* WHAT YOU SHOULD DO
Each line of the data must be copied exactly.

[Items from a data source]
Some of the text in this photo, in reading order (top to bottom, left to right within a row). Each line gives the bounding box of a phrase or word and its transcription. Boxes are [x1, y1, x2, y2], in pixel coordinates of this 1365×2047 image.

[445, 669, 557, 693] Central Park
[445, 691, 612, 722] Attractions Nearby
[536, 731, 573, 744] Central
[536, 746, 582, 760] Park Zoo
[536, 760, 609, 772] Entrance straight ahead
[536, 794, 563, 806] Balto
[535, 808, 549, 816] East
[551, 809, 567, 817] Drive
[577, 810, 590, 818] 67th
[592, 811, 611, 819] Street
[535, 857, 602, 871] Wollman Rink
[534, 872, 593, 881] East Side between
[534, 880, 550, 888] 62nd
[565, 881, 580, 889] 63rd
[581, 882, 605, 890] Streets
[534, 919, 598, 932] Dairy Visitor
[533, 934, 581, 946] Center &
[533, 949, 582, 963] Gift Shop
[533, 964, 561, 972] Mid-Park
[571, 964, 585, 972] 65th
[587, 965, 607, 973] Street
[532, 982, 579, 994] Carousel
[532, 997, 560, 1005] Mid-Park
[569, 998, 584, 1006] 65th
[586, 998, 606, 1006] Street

* RESULT OF THIS TASK
Some of the text in this photo, in reading order (top to bottom, left to right within a row). Each line gives the bounding box of a phrase or word and its transcription. Boxes are [x1, y1, x2, y2], in pixel coordinates of this 1365×2047 image.

[445, 669, 557, 693] Central Park
[445, 691, 612, 722] Attractions Nearby
[536, 731, 573, 744] Central
[536, 746, 582, 760] Park Zoo
[536, 760, 609, 772] Entrance straight ahead
[536, 794, 563, 806] Balto
[535, 808, 549, 816] East
[551, 809, 567, 817] Drive
[577, 810, 590, 818] 67th
[592, 811, 611, 819] Street
[535, 857, 602, 871] Wollman Rink
[534, 872, 593, 881] East Side between
[534, 880, 550, 888] 62nd
[565, 881, 580, 889] 63rd
[581, 882, 605, 890] Streets
[534, 919, 598, 932] Dairy Visitor
[533, 934, 581, 946] Center &
[533, 949, 582, 963] Gift Shop
[533, 964, 561, 972] Mid-Park
[571, 964, 585, 972] 65th
[587, 965, 607, 973] Street
[532, 982, 579, 994] Carousel
[532, 997, 560, 1005] Mid-Park
[569, 998, 584, 1006] 65th
[586, 998, 606, 1006] Street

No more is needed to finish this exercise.